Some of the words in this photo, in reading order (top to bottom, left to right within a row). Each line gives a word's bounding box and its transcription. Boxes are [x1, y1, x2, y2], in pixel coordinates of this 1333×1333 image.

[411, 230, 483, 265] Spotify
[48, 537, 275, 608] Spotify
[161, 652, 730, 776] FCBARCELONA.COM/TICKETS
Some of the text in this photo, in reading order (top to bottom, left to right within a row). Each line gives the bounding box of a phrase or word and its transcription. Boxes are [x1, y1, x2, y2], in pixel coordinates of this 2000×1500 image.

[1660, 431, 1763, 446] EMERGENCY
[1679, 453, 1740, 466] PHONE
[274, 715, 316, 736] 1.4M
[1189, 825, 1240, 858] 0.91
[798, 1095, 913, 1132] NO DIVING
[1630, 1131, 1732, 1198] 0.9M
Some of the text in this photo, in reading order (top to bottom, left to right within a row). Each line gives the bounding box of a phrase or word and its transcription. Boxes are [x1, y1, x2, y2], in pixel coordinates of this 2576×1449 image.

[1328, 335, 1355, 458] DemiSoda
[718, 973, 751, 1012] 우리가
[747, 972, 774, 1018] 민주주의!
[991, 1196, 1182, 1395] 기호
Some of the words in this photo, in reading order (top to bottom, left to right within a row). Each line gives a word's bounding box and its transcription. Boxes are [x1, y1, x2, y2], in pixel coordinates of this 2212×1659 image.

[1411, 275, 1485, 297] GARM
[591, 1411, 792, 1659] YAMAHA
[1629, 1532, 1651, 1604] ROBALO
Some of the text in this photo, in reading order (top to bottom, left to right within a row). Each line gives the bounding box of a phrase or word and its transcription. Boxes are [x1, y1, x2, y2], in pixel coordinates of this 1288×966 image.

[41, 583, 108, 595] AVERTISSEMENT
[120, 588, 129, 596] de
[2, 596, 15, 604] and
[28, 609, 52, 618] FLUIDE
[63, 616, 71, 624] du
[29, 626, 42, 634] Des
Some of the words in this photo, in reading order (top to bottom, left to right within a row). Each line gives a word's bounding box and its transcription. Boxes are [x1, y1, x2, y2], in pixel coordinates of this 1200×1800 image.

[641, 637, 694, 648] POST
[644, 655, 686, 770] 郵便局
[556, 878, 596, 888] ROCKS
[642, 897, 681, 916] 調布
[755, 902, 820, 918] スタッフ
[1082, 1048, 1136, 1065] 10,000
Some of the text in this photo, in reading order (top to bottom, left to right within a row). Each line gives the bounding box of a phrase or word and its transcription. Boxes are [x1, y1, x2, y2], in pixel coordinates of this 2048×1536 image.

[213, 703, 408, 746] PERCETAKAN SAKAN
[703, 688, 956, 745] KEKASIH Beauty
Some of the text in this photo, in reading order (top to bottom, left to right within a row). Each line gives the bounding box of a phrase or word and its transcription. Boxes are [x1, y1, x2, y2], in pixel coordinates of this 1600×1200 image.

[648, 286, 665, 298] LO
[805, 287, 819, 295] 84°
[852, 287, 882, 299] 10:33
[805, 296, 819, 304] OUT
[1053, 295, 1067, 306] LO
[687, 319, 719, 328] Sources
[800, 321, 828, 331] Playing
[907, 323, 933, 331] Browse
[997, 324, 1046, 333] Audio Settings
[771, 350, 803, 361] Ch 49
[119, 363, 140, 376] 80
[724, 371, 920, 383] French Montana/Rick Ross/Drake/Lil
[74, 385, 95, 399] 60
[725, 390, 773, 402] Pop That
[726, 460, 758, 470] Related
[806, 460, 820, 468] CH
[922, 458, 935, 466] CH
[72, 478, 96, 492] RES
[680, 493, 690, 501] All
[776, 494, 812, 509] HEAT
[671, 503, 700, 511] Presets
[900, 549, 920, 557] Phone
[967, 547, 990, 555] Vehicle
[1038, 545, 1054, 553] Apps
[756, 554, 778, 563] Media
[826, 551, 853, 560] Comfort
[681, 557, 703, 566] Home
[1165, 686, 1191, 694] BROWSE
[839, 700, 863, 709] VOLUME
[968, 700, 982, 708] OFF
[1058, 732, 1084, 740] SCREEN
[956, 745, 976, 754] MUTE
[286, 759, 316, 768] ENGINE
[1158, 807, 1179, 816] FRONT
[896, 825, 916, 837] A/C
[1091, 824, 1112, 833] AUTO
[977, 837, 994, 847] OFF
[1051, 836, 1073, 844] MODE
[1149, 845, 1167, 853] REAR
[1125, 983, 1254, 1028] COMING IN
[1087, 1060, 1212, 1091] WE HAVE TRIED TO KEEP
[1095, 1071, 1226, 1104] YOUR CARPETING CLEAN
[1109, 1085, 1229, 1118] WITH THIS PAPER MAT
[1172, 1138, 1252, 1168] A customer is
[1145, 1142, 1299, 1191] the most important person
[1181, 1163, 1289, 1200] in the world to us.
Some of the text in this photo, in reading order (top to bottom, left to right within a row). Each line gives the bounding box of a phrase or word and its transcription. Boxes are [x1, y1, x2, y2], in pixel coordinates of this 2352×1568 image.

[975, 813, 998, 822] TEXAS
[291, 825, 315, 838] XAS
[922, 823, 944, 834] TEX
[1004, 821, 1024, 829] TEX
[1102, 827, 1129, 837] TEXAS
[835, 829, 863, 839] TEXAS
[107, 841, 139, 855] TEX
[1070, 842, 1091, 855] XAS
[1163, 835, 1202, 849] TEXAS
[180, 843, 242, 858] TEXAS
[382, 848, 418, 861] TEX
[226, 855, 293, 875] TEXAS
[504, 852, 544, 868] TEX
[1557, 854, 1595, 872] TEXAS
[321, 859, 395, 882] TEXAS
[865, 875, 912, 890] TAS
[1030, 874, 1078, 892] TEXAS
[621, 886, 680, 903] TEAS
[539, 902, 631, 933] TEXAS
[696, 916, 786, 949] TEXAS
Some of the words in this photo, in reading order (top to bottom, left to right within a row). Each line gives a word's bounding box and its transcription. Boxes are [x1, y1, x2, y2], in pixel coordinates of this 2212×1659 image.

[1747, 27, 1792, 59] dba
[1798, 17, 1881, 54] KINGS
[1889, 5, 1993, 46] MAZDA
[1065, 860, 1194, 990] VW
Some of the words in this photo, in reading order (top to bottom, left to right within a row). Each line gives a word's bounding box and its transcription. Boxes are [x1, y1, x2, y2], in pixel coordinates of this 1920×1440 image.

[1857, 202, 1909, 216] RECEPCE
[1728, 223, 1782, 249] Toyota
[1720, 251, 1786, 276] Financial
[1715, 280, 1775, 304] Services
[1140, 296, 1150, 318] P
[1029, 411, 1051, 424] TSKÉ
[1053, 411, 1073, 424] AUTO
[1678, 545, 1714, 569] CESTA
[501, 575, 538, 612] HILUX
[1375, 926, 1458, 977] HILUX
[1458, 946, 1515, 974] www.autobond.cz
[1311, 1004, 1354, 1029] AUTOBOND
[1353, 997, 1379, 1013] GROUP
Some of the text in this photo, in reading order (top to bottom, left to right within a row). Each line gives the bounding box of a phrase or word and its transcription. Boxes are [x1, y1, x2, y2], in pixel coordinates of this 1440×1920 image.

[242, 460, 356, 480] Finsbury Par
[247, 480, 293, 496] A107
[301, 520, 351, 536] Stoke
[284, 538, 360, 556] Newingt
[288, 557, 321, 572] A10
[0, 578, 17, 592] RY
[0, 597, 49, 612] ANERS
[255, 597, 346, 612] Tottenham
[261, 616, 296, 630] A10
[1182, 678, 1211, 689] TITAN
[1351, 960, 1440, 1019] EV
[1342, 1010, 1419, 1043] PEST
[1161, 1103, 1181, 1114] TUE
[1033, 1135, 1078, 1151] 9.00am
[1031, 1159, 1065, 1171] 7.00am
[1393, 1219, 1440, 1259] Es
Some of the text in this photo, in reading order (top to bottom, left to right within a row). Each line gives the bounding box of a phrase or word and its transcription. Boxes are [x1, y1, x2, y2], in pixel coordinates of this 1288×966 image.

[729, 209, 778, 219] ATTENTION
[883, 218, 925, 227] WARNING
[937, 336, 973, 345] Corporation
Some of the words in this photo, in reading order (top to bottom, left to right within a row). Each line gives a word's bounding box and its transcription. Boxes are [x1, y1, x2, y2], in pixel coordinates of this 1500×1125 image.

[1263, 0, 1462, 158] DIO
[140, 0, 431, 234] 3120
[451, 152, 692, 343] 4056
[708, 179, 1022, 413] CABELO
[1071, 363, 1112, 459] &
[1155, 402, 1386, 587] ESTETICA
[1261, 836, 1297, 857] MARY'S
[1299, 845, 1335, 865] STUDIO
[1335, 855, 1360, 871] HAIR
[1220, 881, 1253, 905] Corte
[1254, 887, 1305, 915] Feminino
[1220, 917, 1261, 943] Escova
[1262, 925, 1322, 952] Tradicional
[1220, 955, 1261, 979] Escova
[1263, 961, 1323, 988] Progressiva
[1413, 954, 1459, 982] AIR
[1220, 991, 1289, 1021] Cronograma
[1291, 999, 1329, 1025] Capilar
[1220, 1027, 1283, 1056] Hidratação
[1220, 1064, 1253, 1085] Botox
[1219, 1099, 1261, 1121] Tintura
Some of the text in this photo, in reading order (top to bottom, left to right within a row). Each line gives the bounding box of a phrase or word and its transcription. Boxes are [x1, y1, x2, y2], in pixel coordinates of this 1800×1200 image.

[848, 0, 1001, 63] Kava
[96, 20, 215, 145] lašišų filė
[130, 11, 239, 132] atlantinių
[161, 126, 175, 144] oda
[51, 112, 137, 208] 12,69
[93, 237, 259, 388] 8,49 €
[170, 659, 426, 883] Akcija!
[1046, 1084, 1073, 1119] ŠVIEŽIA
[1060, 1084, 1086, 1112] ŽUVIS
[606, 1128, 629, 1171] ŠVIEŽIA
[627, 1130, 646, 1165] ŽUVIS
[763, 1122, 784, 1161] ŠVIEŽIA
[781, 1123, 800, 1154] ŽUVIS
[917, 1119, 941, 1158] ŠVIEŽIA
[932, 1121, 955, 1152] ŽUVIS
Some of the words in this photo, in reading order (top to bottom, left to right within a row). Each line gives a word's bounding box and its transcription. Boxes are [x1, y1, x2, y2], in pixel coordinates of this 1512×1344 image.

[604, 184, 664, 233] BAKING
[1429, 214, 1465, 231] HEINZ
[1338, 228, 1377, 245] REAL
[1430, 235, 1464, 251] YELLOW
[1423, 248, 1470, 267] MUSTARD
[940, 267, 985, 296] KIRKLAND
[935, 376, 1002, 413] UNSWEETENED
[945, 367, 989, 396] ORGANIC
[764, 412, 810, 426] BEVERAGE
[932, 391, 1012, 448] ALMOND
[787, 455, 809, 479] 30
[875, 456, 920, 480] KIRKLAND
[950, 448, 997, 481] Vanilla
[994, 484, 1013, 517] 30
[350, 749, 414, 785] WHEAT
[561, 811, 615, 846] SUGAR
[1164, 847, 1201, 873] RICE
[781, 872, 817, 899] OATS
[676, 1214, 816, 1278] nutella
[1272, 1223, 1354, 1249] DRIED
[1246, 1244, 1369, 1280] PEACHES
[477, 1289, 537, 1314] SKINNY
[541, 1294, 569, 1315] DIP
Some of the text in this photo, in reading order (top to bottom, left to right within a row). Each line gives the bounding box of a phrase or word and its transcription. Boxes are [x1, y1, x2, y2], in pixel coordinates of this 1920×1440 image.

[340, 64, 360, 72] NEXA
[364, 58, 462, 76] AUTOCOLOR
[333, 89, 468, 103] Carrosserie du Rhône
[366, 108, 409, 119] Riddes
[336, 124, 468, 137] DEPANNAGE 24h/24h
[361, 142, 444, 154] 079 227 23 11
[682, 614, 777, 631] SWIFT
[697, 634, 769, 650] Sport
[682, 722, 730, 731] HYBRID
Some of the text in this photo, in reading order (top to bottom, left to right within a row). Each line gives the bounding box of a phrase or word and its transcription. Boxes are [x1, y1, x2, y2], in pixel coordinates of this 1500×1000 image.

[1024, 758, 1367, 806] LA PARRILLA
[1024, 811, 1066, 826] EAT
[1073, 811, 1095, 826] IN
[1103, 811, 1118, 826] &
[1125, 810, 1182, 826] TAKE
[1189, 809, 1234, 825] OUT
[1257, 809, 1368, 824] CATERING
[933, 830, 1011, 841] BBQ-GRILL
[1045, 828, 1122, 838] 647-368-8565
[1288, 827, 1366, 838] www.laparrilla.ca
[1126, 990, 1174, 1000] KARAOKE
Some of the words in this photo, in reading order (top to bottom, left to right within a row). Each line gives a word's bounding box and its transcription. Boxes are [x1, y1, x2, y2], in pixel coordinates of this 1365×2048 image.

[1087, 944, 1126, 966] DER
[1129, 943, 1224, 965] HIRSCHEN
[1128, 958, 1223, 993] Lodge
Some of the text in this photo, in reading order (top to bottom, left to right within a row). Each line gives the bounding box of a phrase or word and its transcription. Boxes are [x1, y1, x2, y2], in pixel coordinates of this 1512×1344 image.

Goal of the exercise: Your answer should be the lines from the one containing "this 1365×2048 image." through the last line of the records, repeated exactly and with nothing added.

Solution:
Some of the words in this photo, in reading order (top to bottom, left to right within a row). Each line gives a word's bounding box and its transcription. Boxes are [x1, y1, x2, y2], in pixel coordinates of this 1365×2048 image.

[1087, 944, 1126, 966] DER
[1129, 943, 1224, 965] HIRSCHEN
[1128, 958, 1223, 993] Lodge
Some of the text in this photo, in reading order (top to bottom, left to right within a row). Each line gives the bounding box of a phrase or word and its transcription. Boxes are [x1, y1, x2, y2], in pixel coordinates of this 1512×1344 image.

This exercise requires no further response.